Focus Annie turned to Occum.  “Then what is needed is an alternate way to become a Knight and part of this household you are building.  I believe being able to do élan draws with the skill of a higher rank Noble should count as much as being able to shift into a man-shape.  Could you make such a change in a way that wouldn’t destabilize your household links?”

“Perhaps,” Occum said.  “I think I see the symbology needed.  You think this would unblock Page Dowling’s shape changing abilities?”

“I’m positive it will, though in practice you may well find that he will now pick up these shape changing skills on his own, without needing to be taught, once he is linked to your household.  His instincts are strong, both a benefit and a detriment.”

“This sounds frustrating, but I can cope,” Master Occum said.

“In that case, I think we are finished here,” Focus Annie said.  She turned back to the three of them, the real Nobles.  Count Knox, who had been finding the nut-hunting adventurers of a nearby chipmunk more interesting than the conversation about Page Dowling, drew his attention back with a visible start.  “Be careful, be paranoid.  As I’ve learned through hard experience, there is far more out in the wider world of a Transform nature that is strange, unexpected and impossible.”

“Crow Sky says the same,” Duke Hoskins said, noncommittal.  Sellers could practically read the Duke’s mind, patiently waiting until the Focus was off, to do something appropriate to Dowling to remind the squirrel of his real place among them.  He caught the Duke’s eye, and then moved his eyes over to an appropriate object of punishment.

“Heed his words,” the Focus said.  “None of us knows what’s really going on with us Transforms.”

 

Focus Annie led Occum off, alone, and talked to him for ten minutes, outside of prying bodyguard ears.  While they talked, small family groups started dribbling into the park.  None of them noticed the Noble household yet, but it was only a matter of time.  Although the Nobles’ very presence made them difficult to notice, unless they wanted notice, the same was not true for their Commoners.  Unless they sought cover, soon, the normals would soon be screaming about Monsters in French.

Occum came back to the group shaken, and inwardly agitated.  “We don’t have as much time as I thought we had,” Occum said, whispering.  “If the Focus is right, the fight with Wandering Shade and his Hunters will happen within six to nine months.”  He paused, and then glared at Sellers, who was standing shoulder to shoulder with the Duke.  “Shit.  Get Dowling out from the damned oversized trashcan you stuck him in.  We have work to do, dammit.”

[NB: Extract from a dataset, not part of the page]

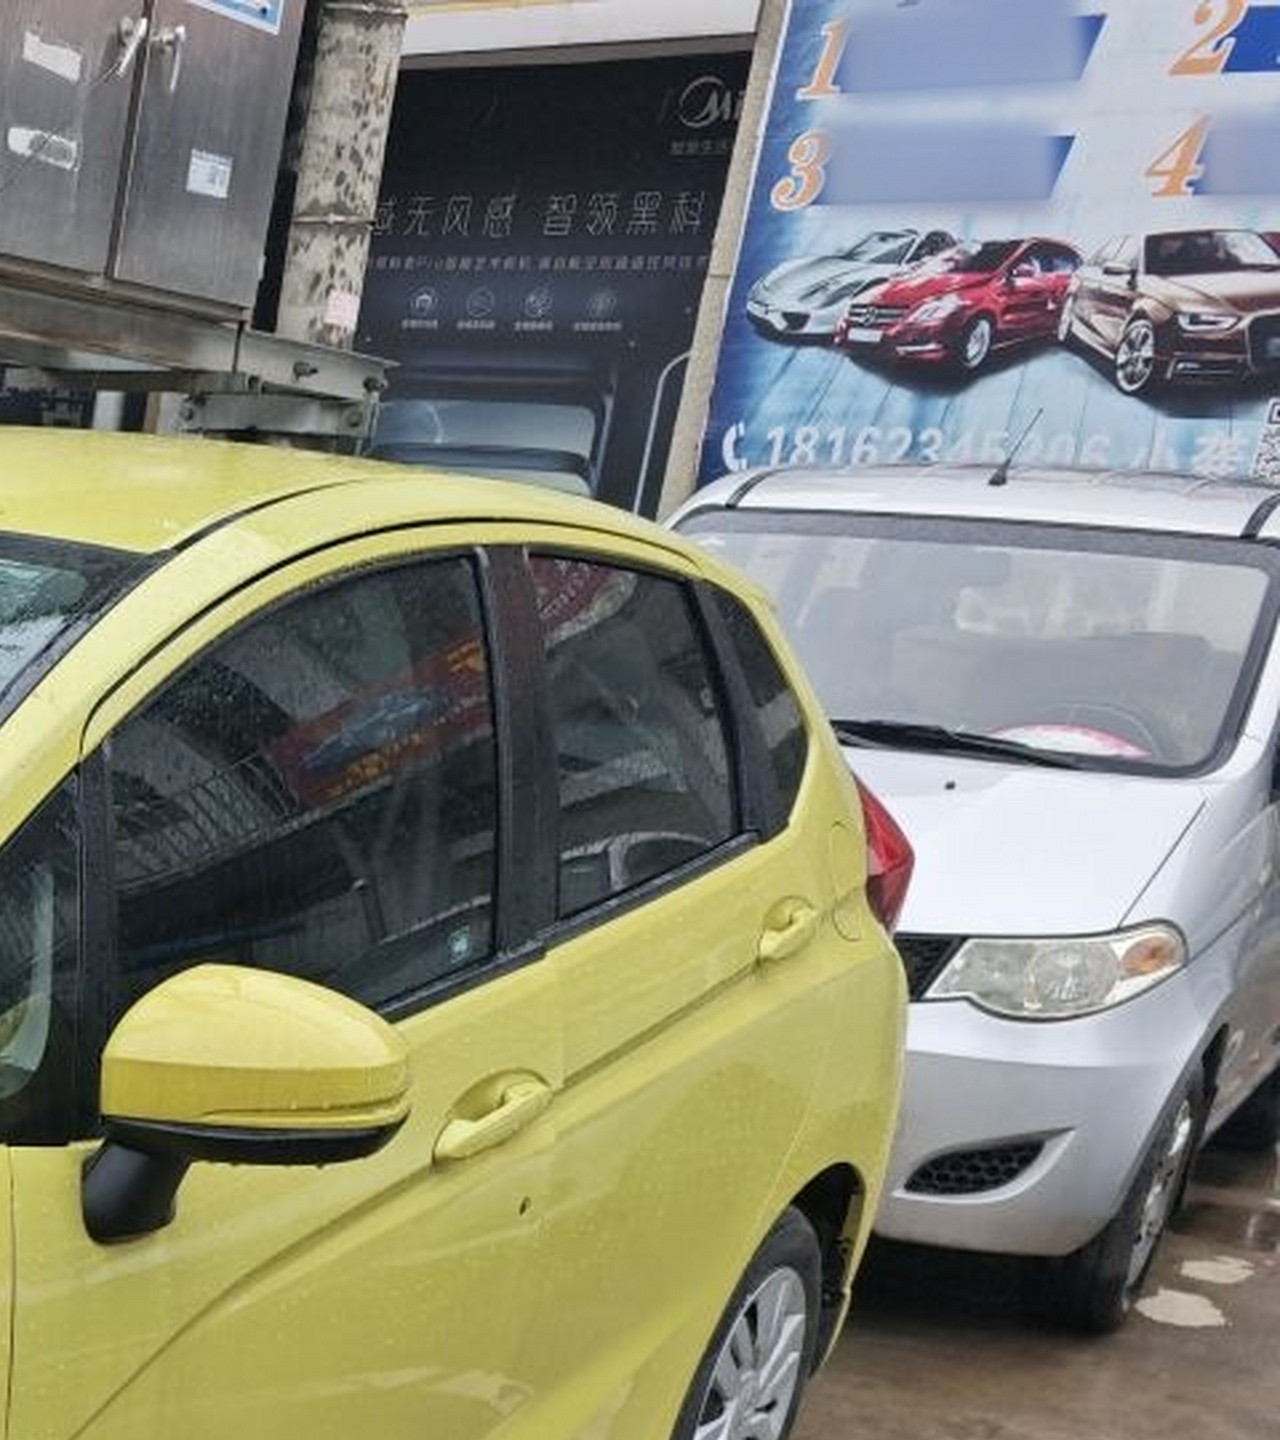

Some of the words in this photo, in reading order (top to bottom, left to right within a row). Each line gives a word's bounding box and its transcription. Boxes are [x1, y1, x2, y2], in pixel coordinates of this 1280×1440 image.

After Focus Annie and her entourage left, they decamped into a small pine forest.  Out of the sight of prying eyes, Occum started the drumming ceremony that would recognize Page Dowling as a Knight.  They had to hide, because such a ceremony would attract notice.

“My dear Duke,” Sellers said, quiet under the steady thunder of the drums.  “I fear I missed far too much of the meaning of that conversation with the scary Focus.  Especially at the end.  Is there anything you might be able to tell me about what really happened, here?”

Both Duke Hoskins and Count Knox gave Sellers a funny look.  “Scary Focus?” Hoskins said.  “She was sort of nice, in a weak Focus fashion.  I think she’s even more of an academic than our Queen Rizzari.”

Sellers winced, and waved away a bee buzzing around his face.  “She had the both of you buffaloed with her juice tricks and her charisma.  She wore, what, about fifty juice patterns, and used her charisma constantly.  She could have flattened us in an instant, if she wanted.”

“No way,” Count Knox said.  “She was
harmless
.”

Duke Hoskins’ eyebrows narrowed, and then he nodded at Sellers.  Unlike Knox, he realized Focus Annie had fooled him, at least once Sellers pointed it out.  “At the end, my dear Viscount, what you saw was
a deal
.  The Focus handed off the responsibility for rescuing Focus Racshke to us – as a formal responsibility – and in return, diagnosed Occum’s problems with Page Dowling.”  The Duke paused and listened to Occum beating on his well-worn drum, pounding the household into Page – now Sir – Dowling’s mind.  They had all gone through the procedure, Sellers several times, as he had been Master Occum’s experimental subject.  The drumming summoned nostalgia, longing and belonging.